Billions of dollars gone with the windmill

photo Wind turbines. Contributed Photo

Windmills may sound like a great way to meet the United States' energy needs. After all, the wind is free, and windmills don't produce "greenhouse gases."

But when you start looking at the fine print, you realize that while the wind may be free, large-scale wind power projects have huge costs that can make them highly impractical.

Over in Britain, there is talk of spending the equivalent of $163 billion on wind energy projects, in part to reduce greenhouse gas emissions.

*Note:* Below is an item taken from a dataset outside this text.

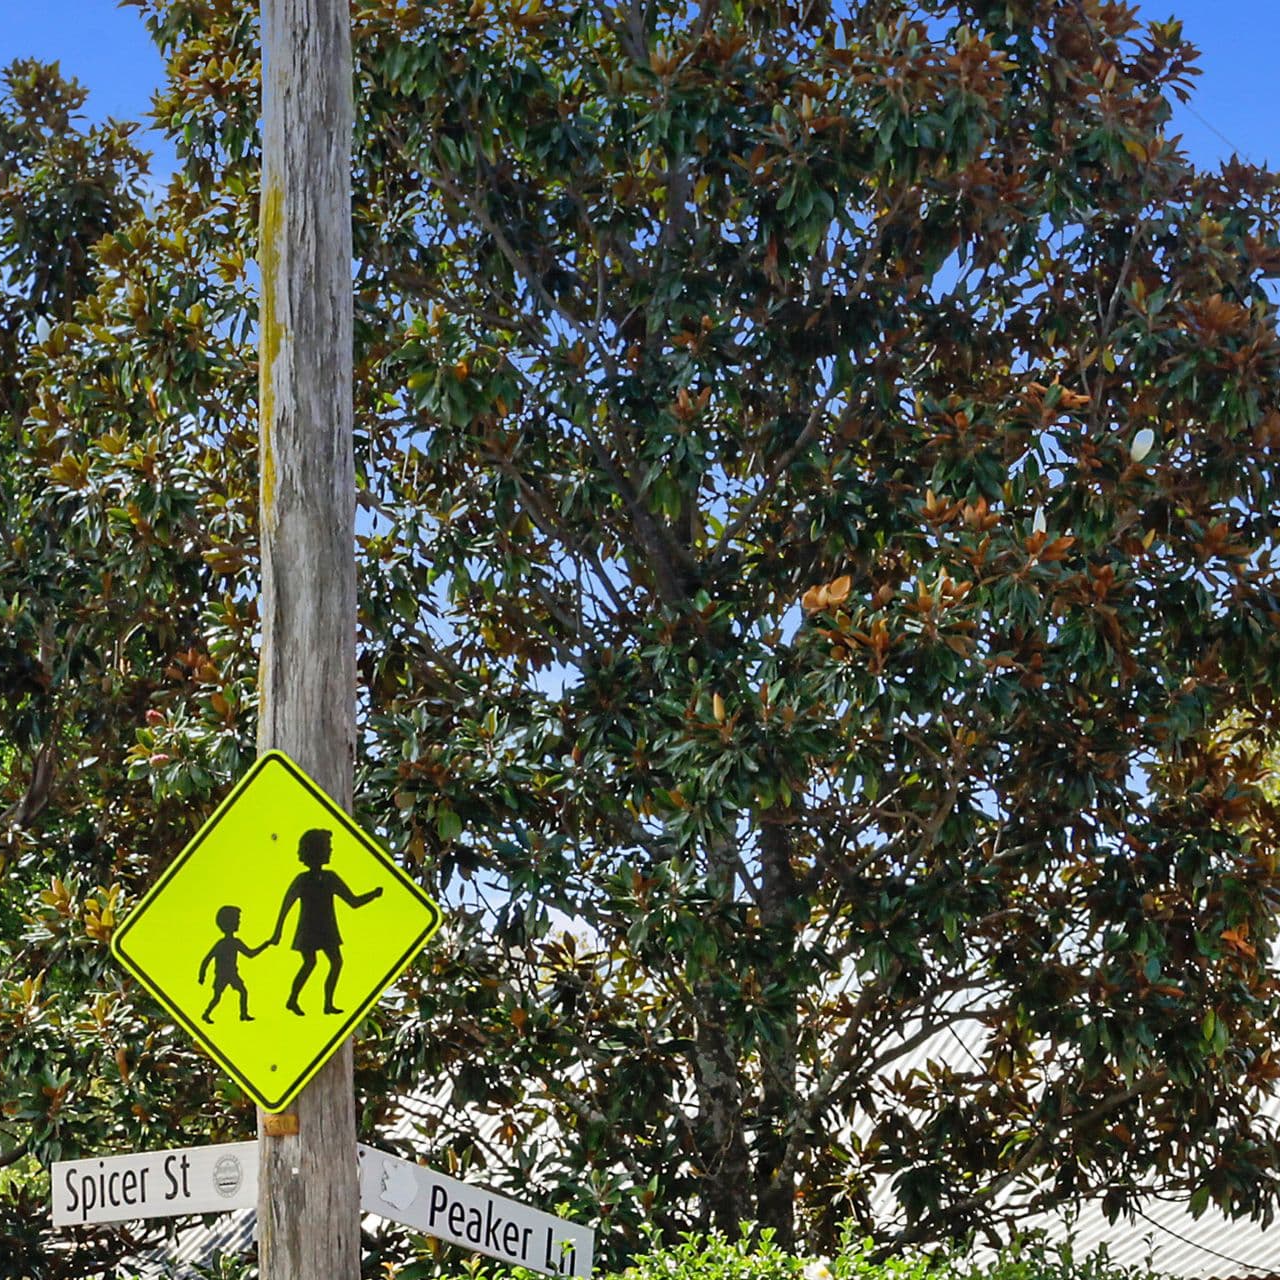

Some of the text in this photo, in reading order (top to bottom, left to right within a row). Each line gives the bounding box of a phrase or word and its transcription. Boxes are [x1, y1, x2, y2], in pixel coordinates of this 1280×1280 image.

[65, 1161, 149, 1221] Spicer
[164, 1154, 191, 1200] St
[428, 1185, 576, 1277] Peaker Ln

But besides that massive price tag, there is another problem with Britain's wind energy plan: Wind is unpredictable. When there is little or no wind blowing, you need some kind of backup energy or there will be power disruptions.

So, Britain is looking at shelling out an additional $16 billion to build more than a dozen power plants that run on natural gas. Those plants would provide backup energy when the wind isn't blowing.

Power companies involved in the project pointed out to government officials that the gas-fired plants will have to be kept running even when they aren't needed, in order to provide uninterrupted power when the wind dies down. And that process releases a lot of greenhouse gases anyway, sharply reducing any environmental benefit of the windmills.

So Britain wants to spend untold billions on windmills that may not wind up helping the environment very much.

As a columnist for The Telegraph newspaper in London wrote, "The policy on which our national energy strategy is now centered is a ludicrously expensive, self-defeating joke, which will achieve no benefits whatever ... ."

Wind power projects are also incredibly expensive in the United States, though their true costs are often hidden behind heavy government subsidies that make them appear economical.

Subsidies - whether to alternative or traditional energy sources - should be ended, and energy producers should have to compete for customers on a level playing field.